Face It: Fake News Is a Disruptive Innovation - CM30
https://readthink.com/face-it-fake-news-is-a-disruptive-innovation-13455a588c28#.6sax93qrk
======
tzs
There is an interesting article in the NY Times today looking at how the
#PizzaGate fake news story developed [1]. It was quite surprising to me how
flimsy the "evidence" was, yet it convinced a lot of people. I had assumed
that the people making this thing up had put some effort into making it
believable, but no. I am at a loss now to understand how anyone could have
believed that anything was going on at that pizza place.

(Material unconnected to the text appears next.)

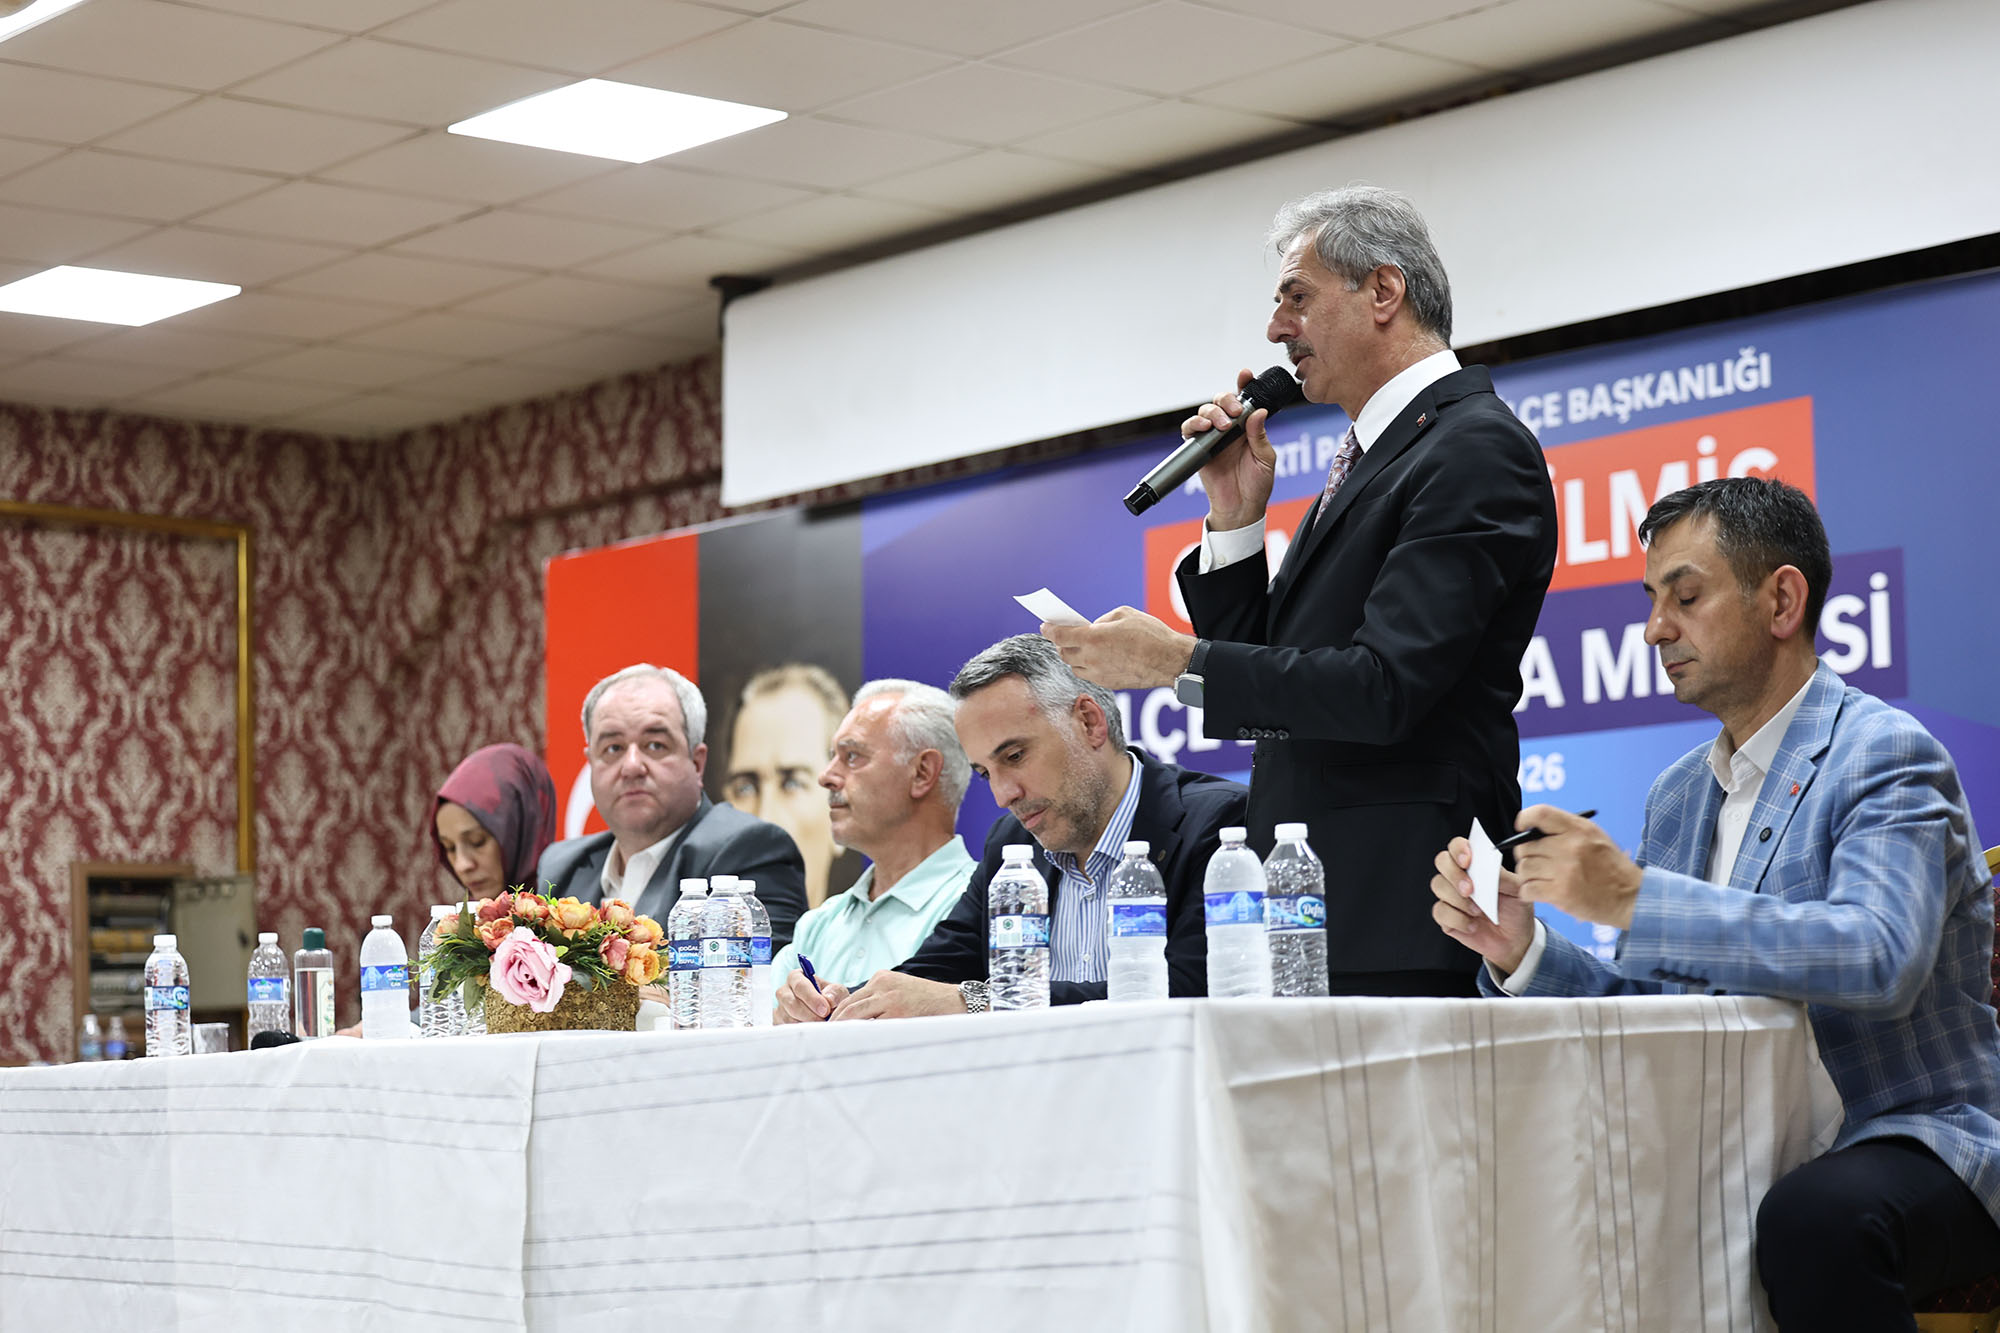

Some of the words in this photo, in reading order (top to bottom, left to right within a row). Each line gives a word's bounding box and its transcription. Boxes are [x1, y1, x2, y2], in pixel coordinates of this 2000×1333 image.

[1503, 392, 1563, 438] ÇE
[1567, 346, 1772, 424] BAŞKANLIĞI
[1519, 752, 1566, 793] 26

This has serious implications. I don't think that people re going to limit
their inability to recognize such fake things to stories about politicians
they dislike. They will fall for equally ridiculous stories about medicine nd
science. That is very bad.

[1]
[http://www.nytimes.com/interactive/2016/12/10/business/media...](http://www.nytimes.com/interactive/2016/12/10/business/media/pizzagate.html)

------
fbreduc
I've read and paid attention to less news than ever before this past year, and
it has been great!

------
crdoconnor
"A great deal of pontificating has been done recently on the depths and
dangers of “fake news,”"

The DNC (and DNC-linked media) needed _some_ reason for why Hillary lost the
election that didn't involve admitting that she was a terrible candidate.

Hence why "fake news" went from being not talked about to being talked about
in the media repeatedly all of a sudden because it's a narrative that fits.